NoStrandAMust
Learning Ground Interaction Models to Increase the Autonomy of Mobile Robotic Exploration Systems
In the project, data from different robots on different soils will be recorded in order to learn soil interaction models with them. These will be integrated into a simulation environment and then used for autonomous adaptation of path planning or locomotion to increase the safety and efficiency of the robots.
Project details
In order to achieve the overall goal of the joint project, the autonomy of robotic systems by ground interaction models, four essential contributions are made in NoStrandAMust four essential contributions are made:
- Different systems here refers to different locomotion modes, propulsion systems, weight classes, and contact geometries and materials. Data will be collected from six walking systems with different morphologies and foot designs, as well as data from different wheel-driven concepts, each of which will be tested on four different surfaces under circumstances with different locomotion behaviors.

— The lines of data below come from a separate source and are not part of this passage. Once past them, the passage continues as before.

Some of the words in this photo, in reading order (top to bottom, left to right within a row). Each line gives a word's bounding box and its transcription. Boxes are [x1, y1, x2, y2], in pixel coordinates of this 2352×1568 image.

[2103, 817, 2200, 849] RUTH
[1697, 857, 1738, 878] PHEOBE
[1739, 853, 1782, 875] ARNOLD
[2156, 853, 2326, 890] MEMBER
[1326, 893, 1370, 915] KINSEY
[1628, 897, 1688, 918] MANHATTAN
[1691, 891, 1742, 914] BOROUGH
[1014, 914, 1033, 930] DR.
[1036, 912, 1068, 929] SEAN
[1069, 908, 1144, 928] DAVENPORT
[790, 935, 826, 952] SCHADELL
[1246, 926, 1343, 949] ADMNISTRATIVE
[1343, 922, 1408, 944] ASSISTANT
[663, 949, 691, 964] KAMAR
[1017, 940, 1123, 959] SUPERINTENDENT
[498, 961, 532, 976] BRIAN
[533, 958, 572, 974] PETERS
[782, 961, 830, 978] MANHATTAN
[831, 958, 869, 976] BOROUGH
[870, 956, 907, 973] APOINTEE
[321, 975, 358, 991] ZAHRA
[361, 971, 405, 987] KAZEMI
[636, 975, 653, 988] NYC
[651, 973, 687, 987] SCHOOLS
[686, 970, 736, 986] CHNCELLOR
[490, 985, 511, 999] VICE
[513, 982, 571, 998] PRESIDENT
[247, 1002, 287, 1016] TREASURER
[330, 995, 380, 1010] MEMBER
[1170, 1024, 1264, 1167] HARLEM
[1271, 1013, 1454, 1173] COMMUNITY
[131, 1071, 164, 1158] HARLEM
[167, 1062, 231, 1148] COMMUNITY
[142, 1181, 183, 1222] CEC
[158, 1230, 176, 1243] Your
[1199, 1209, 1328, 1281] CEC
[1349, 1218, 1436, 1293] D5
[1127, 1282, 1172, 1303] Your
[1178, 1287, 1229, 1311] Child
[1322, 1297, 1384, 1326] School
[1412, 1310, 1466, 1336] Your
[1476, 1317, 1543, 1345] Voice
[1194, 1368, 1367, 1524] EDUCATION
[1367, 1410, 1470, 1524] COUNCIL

- state-of-the-art regression and classification methods as well as other machine learning methods are required for the generation of soil interaction models. In particular, preliminary work with artificial neural networks has shown that they are very well suited to represent models comparable in complexity to those required in this project.
- By integrating the models into a simulation environment, they can be evaluated based on the holistic robot behavior and compared with the behavior from the data acquisition of the real systems. The goal is an accurate real-time simulation that can be used for system design as well as path planning.

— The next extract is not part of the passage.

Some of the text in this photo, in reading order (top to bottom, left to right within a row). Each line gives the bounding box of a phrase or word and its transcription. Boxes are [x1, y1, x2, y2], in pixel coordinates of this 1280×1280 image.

- by continuously matching robot performance with a prediction generated from a simulation running on the robot, the systems will be able to continuously determine soil conditions and detect deteriorating conditions at an early stage. The robot should react accordingly to changing soil conditions, for example by triggering new path planning or appropriate behavior adjustments.
Since the data-driven approach means that the soil interaction models have to be trained on a system-specific basis, it is not possible to generate a generally applicable model in NoStrandAMust, as is possible with analytical models. Nevertheless, in order to demonstrate the general applicability of the method, six different systems will be used in NoStrandAMust. These include three walking machines (Charlie, CREX, and Mantis), two wheel-driven systems with different concepts (SherpaTT, and Artemis), and a mixture between walking and wheel systems in the form of a so-called star wheel (Coyote III). In addition, the weight class of the systems ranges from about 20 kg to about 120 kg for both the running systems and the wheel concepts. Each of the six systems is tested on substrates with different properties. In addition to a distinction between loose sedimentary soils and hard subsoils, there will also be different variants within these two classes. It is envisaged here that the ''loose sediment'' class will include fine sand, fine gravel, coarse gravel or basalt split. For hard soils, the systems will be used to record data that have different friction coefficients, such as dust-covered surfaces or high friction as found in lava caves.
Videos
ARTEMIS: First test run with a penetrometer
The rover Artemis, developed at the DFKI Robotics Innovation Center, has been equipped with a penetrometer that measures the soil's penetration resistance to obtain precise information about soil strength. Such measurements allow for conclusions about the current soil condition, applicable in both agricultural settings and space exploration. The video showcases an initial test run with the device mounted on the robot. During this test, the robot was remotely controlled, and the maximum penetration depth was limited to 15 mm.